Kataria agrees: “When you look at the current landscape of tech start-ups in the headlines, many of them are focused on the top 1% of our country, people who have more money than time and are willing to pay whatever price to have their soy latte and kale salad delivered in less than 15 minutes.”

Monetizing Switzerland

Interestingly, Basket has no skin in the game—they don’t care which store or channel the consumer chooses as they don’t get kickbacks from stores for sending customers their way. Instead, “We just want to be the place where people take a look and make an informed decision that’s best for them.” Basket promises that neutrality is an inalienable part of the app: “Basket is, in effect, Switzerland. We have all the information, but we don’t care where you choose to finish your transaction.”

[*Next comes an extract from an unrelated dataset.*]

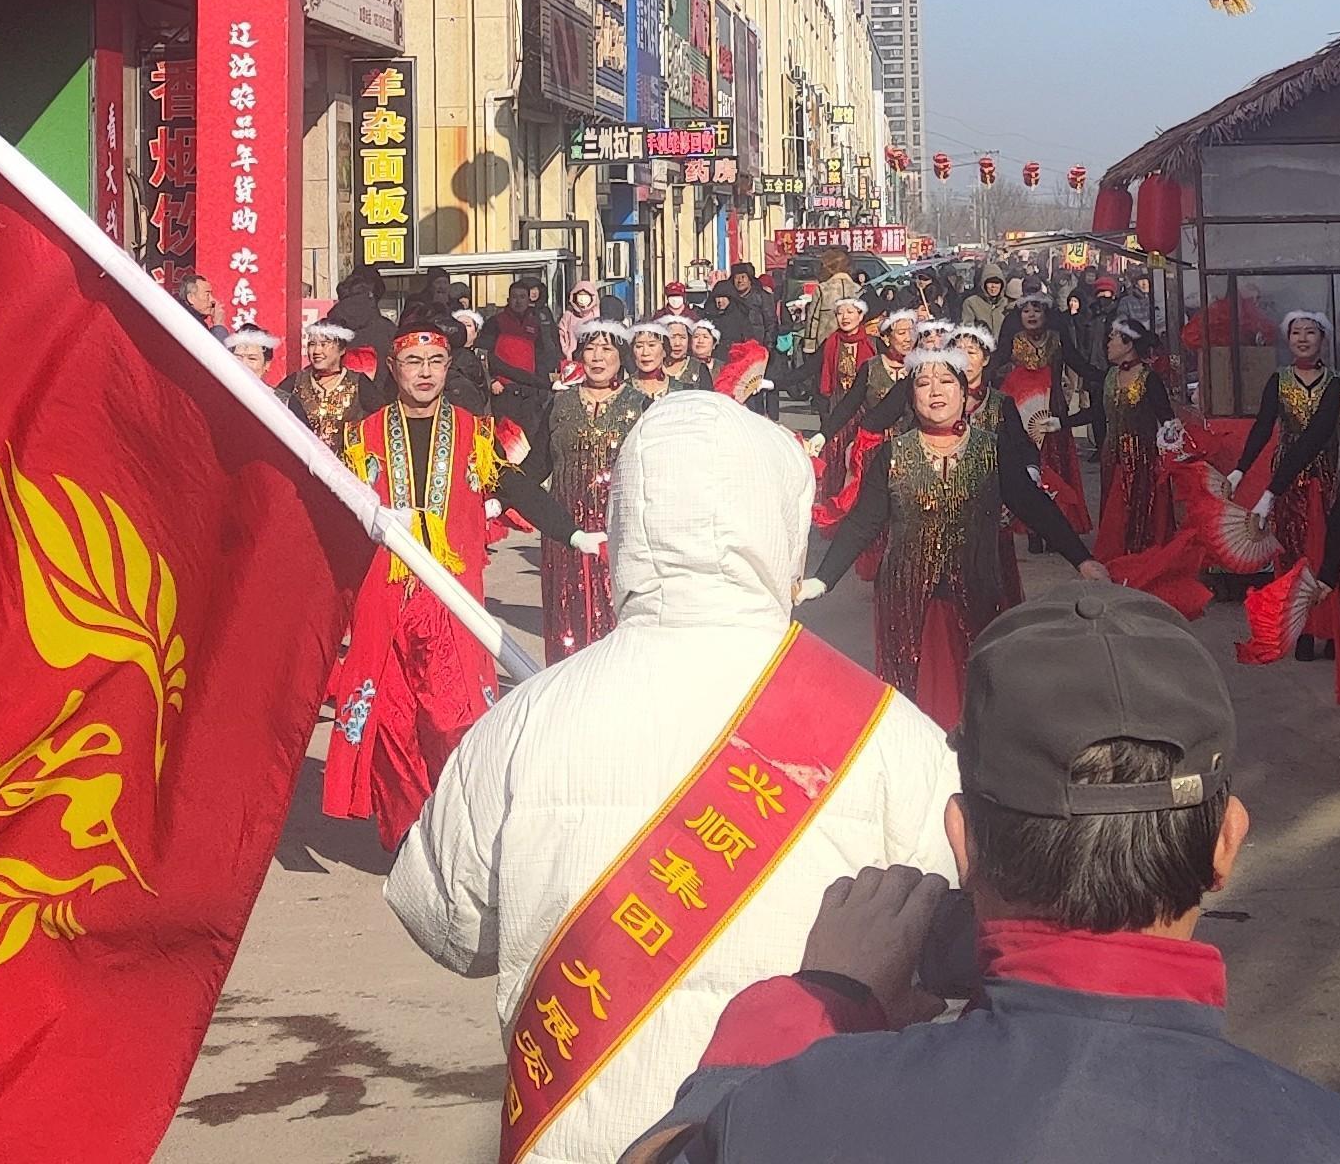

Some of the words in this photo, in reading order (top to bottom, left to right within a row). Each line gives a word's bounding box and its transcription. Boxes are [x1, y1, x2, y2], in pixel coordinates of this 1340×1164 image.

But then how will they make money? Where will the app go from here?  Anywhere big data can take them. Essentially, they have reams and reams of information regarding customer intent; they could sell this information to CPG manufacturers or to the stores themselves, both of whom would find it invaluable. They could partner with a delivery service, make sponsored item suggestions, and do all sorts of things we can’t even imagine.

With boatloads of VC funding and government subsidies, it seems they will be patient for the time being, holding out until they can find the best deal. Maybe one day there will be an app for that too.